* [Listed entries]:
========================================================================
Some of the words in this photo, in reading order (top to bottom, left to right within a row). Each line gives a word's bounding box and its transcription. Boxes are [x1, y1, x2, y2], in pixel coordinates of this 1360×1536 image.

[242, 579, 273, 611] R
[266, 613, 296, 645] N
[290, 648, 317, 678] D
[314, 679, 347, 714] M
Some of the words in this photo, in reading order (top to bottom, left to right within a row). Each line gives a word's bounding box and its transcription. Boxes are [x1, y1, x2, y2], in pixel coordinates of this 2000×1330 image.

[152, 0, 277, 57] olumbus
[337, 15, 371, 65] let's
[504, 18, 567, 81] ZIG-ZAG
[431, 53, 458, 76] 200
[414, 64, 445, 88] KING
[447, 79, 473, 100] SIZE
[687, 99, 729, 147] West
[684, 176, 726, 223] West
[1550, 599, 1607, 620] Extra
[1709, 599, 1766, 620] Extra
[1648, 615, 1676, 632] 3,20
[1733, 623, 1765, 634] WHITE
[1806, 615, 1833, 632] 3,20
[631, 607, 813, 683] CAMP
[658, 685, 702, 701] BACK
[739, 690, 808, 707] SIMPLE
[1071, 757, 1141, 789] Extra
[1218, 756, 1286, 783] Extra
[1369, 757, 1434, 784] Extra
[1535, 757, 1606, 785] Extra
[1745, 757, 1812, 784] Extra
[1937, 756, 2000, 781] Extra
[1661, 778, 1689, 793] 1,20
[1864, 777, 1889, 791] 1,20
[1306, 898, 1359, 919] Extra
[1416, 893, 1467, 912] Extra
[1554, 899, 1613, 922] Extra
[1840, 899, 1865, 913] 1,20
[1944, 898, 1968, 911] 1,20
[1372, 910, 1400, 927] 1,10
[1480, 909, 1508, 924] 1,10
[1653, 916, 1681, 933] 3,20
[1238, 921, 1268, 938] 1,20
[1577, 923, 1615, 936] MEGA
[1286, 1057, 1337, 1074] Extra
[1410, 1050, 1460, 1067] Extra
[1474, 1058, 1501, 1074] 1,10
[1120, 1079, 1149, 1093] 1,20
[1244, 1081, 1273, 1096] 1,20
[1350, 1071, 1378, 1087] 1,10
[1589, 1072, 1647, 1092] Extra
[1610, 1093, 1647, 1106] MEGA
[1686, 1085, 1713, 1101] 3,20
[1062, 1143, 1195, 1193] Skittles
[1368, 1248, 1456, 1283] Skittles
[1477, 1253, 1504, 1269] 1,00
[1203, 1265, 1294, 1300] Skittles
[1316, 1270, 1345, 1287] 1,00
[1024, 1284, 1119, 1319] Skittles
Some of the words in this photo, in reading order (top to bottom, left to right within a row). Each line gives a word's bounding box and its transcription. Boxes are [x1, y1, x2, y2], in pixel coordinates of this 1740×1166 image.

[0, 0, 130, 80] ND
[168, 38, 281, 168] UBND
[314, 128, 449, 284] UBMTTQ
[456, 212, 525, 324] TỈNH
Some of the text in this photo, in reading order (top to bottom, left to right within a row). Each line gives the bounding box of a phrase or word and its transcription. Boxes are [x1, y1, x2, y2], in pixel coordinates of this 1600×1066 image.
========================================================================
* [What the exercise asks]: Reproduce each entry above character for character.

* [Written response]:
Some of the words in this photo, in reading order (top to bottom, left to right within a row). Each line gives a word's bounding box and its transcription. Boxes are [x1, y1, x2, y2], in pixel coordinates of this 1360×1536 image.

[242, 579, 273, 611] R
[266, 613, 296, 645] N
[290, 648, 317, 678] D
[314, 679, 347, 714] M
Some of the words in this photo, in reading order (top to bottom, left to right within a row). Each line gives a word's bounding box and its transcription. Boxes are [x1, y1, x2, y2], in pixel coordinates of this 2000×1330 image.

[152, 0, 277, 57] olumbus
[337, 15, 371, 65] let's
[504, 18, 567, 81] ZIG-ZAG
[431, 53, 458, 76] 200
[414, 64, 445, 88] KING
[447, 79, 473, 100] SIZE
[687, 99, 729, 147] West
[684, 176, 726, 223] West
[1550, 599, 1607, 620] Extra
[1709, 599, 1766, 620] Extra
[1648, 615, 1676, 632] 3,20
[1733, 623, 1765, 634] WHITE
[1806, 615, 1833, 632] 3,20
[631, 607, 813, 683] CAMP
[658, 685, 702, 701] BACK
[739, 690, 808, 707] SIMPLE
[1071, 757, 1141, 789] Extra
[1218, 756, 1286, 783] Extra
[1369, 757, 1434, 784] Extra
[1535, 757, 1606, 785] Extra
[1745, 757, 1812, 784] Extra
[1937, 756, 2000, 781] Extra
[1661, 778, 1689, 793] 1,20
[1864, 777, 1889, 791] 1,20
[1306, 898, 1359, 919] Extra
[1416, 893, 1467, 912] Extra
[1554, 899, 1613, 922] Extra
[1840, 899, 1865, 913] 1,20
[1944, 898, 1968, 911] 1,20
[1372, 910, 1400, 927] 1,10
[1480, 909, 1508, 924] 1,10
[1653, 916, 1681, 933] 3,20
[1238, 921, 1268, 938] 1,20
[1577, 923, 1615, 936] MEGA
[1286, 1057, 1337, 1074] Extra
[1410, 1050, 1460, 1067] Extra
[1474, 1058, 1501, 1074] 1,10
[1120, 1079, 1149, 1093] 1,20
[1244, 1081, 1273, 1096] 1,20
[1350, 1071, 1378, 1087] 1,10
[1589, 1072, 1647, 1092] Extra
[1610, 1093, 1647, 1106] MEGA
[1686, 1085, 1713, 1101] 3,20
[1062, 1143, 1195, 1193] Skittles
[1368, 1248, 1456, 1283] Skittles
[1477, 1253, 1504, 1269] 1,00
[1203, 1265, 1294, 1300] Skittles
[1316, 1270, 1345, 1287] 1,00
[1024, 1284, 1119, 1319] Skittles
Some of the words in this photo, in reading order (top to bottom, left to right within a row). Each line gives a word's bounding box and its transcription. Boxes are [x1, y1, x2, y2], in pixel coordinates of this 1740×1166 image.

[0, 0, 130, 80] ND
[168, 38, 281, 168] UBND
[314, 128, 449, 284] UBMTTQ
[456, 212, 525, 324] TỈNH
Some of the text in this photo, in reading order (top to bottom, left to right within a row). Each line gives the bounding box of a phrase or word and its transcription. Boxes are [x1, y1, x2, y2], in pixel coordinates of this 1600×1066 image.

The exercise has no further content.